Improved performance of vanadium redox flow battery with tuneable alkyl spacer based cross-linked anion exchange membranes

We synthesize cross-linked aliphatic polymer with side chain grafted imidazole based anion exchange membranes (AEMs) using alkyl chain spacer. Prepared AEMs exhibit excellent stabilities, ionic conductivity, and vanadium ion impervious nature. These AEMs with rigid polymer matrix show low swelling ratio in spite of high molality of exchangeable functional groups. Cross-linked methylmethacrylate-co-vinyl imidazole copolymer (CMVI) with C3 spacer (CMVI-C3) possess 1.21 meq/g ion exchange capacity, and 8.1 x 10(-2) S/cm conductivity.
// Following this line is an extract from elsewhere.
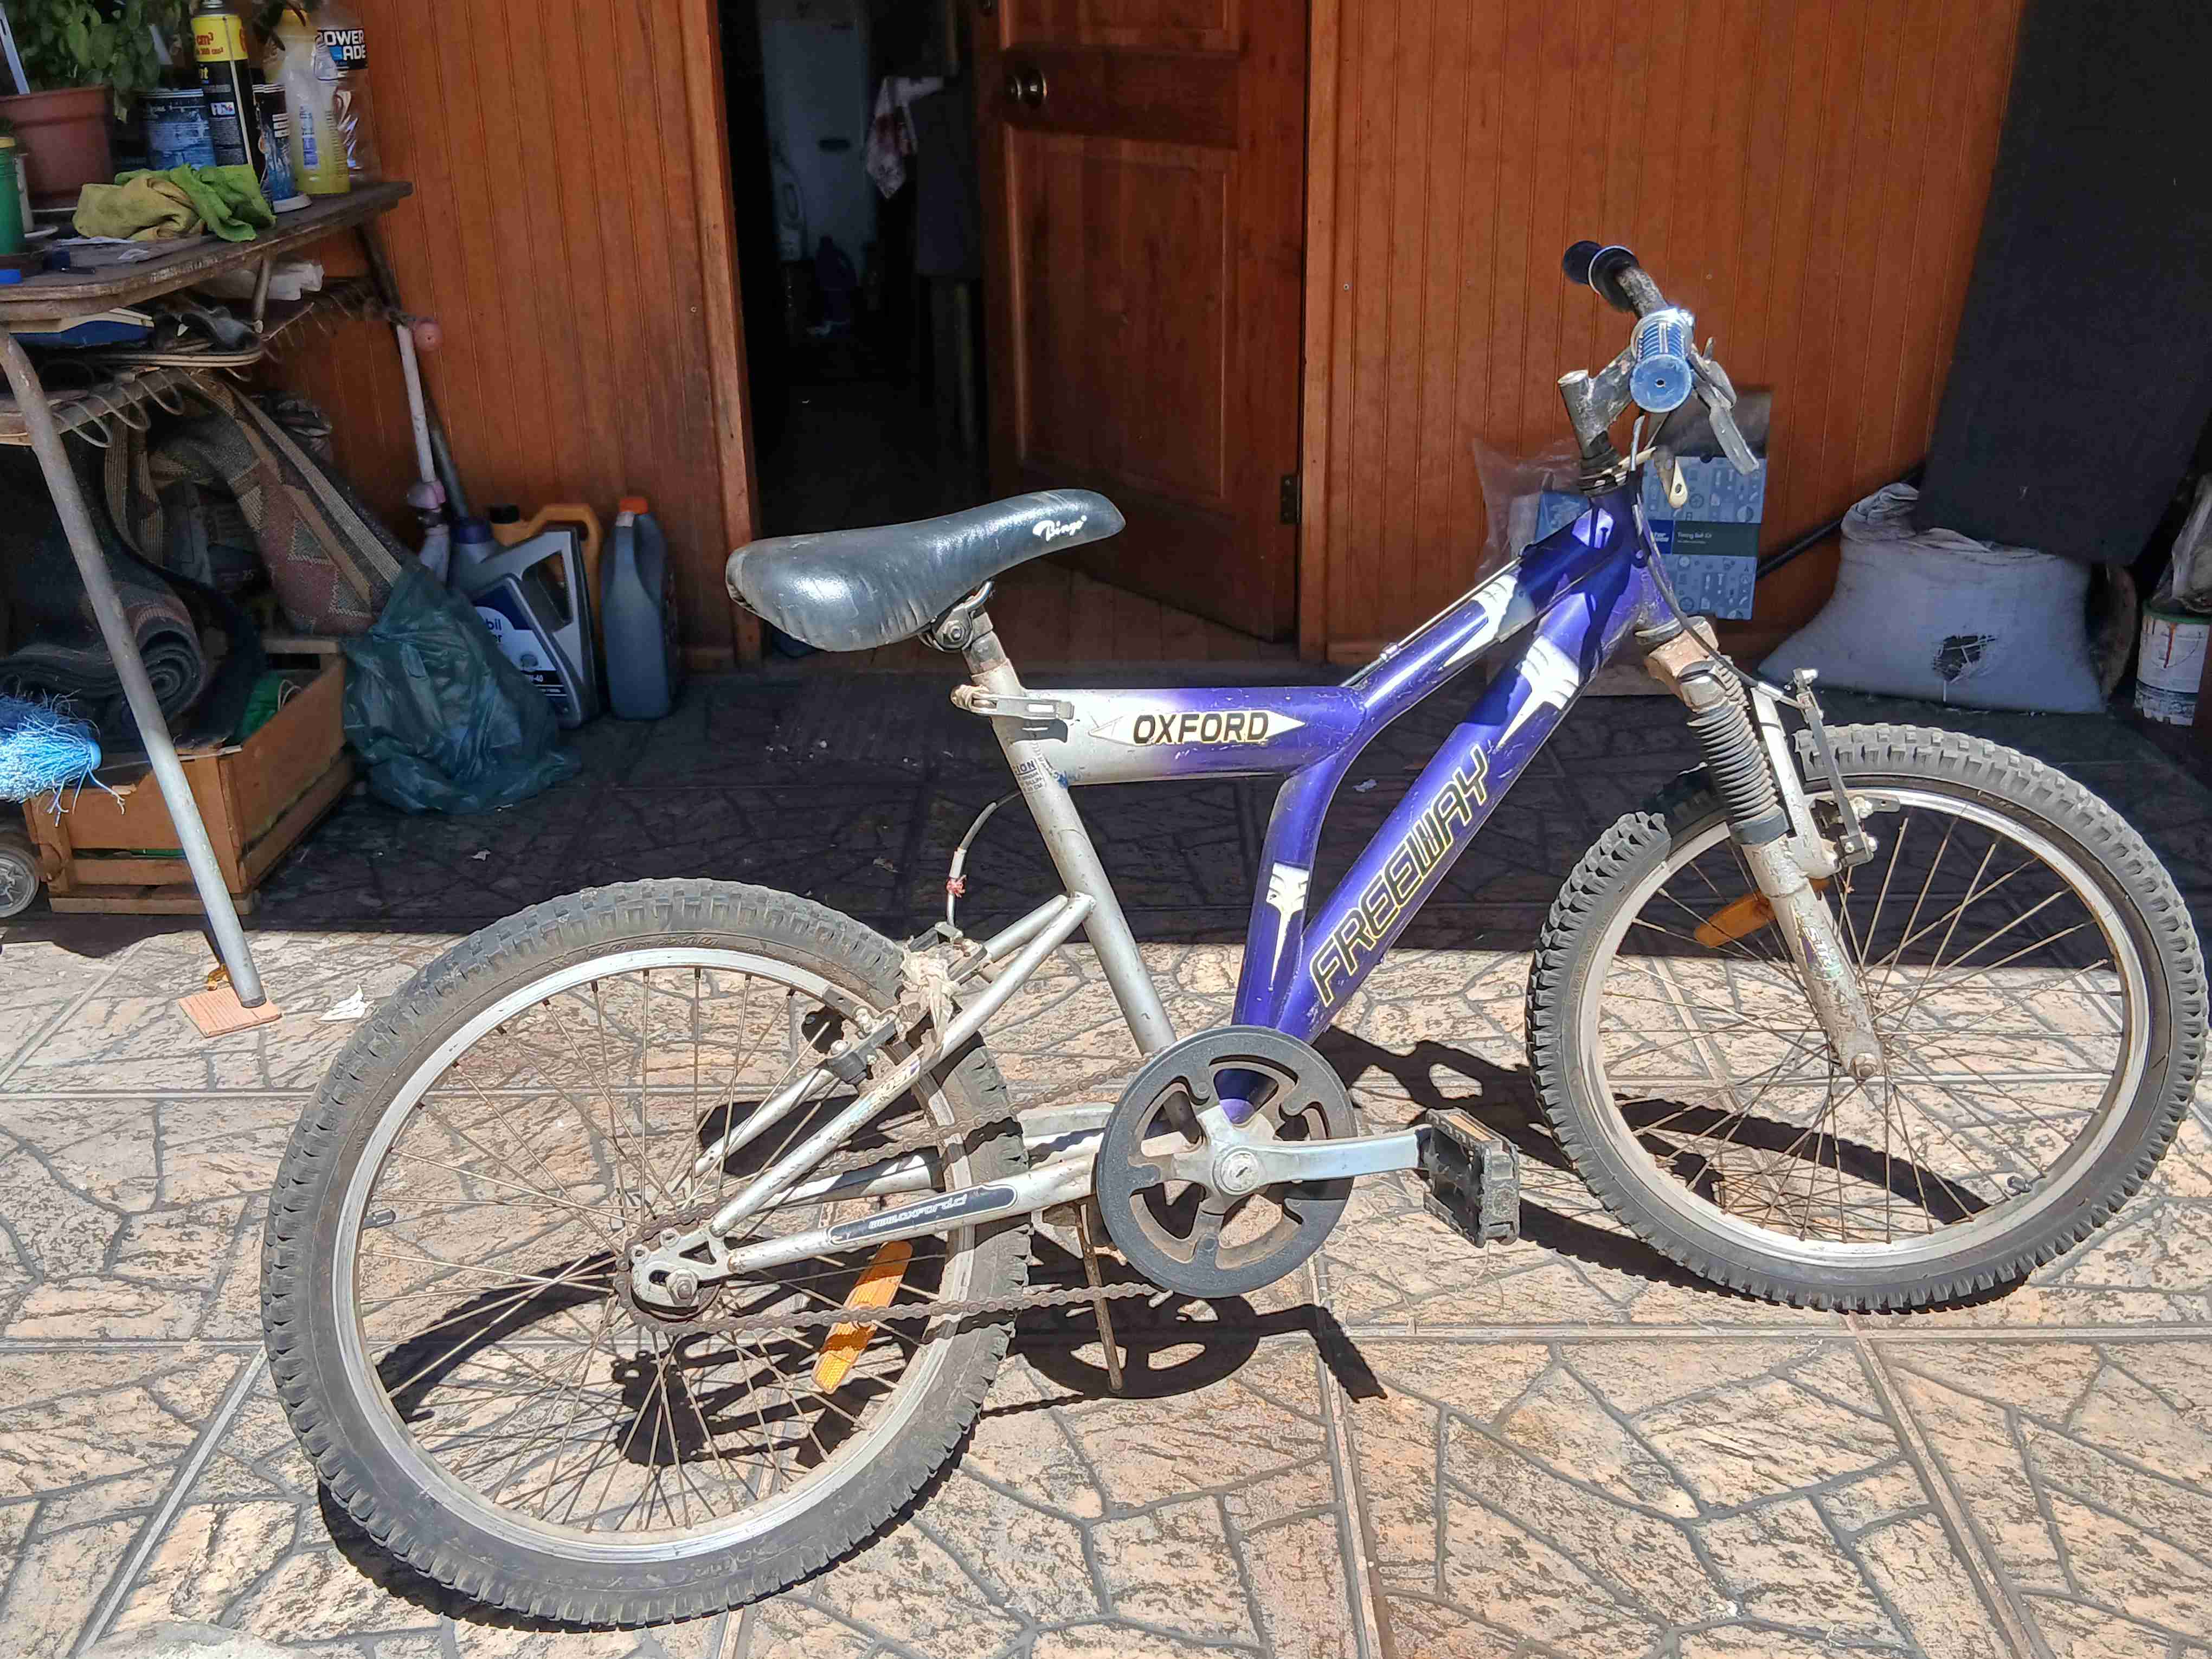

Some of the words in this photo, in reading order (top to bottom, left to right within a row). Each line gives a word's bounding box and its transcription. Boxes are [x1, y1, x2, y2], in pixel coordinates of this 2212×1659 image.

Well optimized CMVI-C3 AEM shows extremely low VO2+ permeability (1.96 x 10(-9) cm(2) s(-1)) in comparison to Nafion 117 (16.34 x 10(-9) cm(2) s(-1)), due to blocking property of CMVI AEMs for VO2+. At 120.0 mA cm(-2), relatively high Coulombic (98.8%), energy (78.2%), and voltage (80.5%) efficiencies of CMVI-C3 AEM in comparison with Nafion 117 membrane, has been attributed to synergetic balance between hydrophobic and hydrophilic segments. The CMVI-C3 AEM maintains the high performance and good integrity during in-situ VRFB cycle performance assessment up to 200 cycles. Simple method for the preparation, good stabilities, and high performance are attractive features of CMVI-C3 AEM for vanadium redox flow battery.

Automated summary

The study synthesizes cross-linked aliphatic polymer with side chain grafted imidazole based anion exchange membranes (AEMs) and obtains AEMs with excellent stability and high conductivity. These AEMs show low swelling ratio despite the high molality of exchangeable functional groups and exhibit blocking property for VO2+.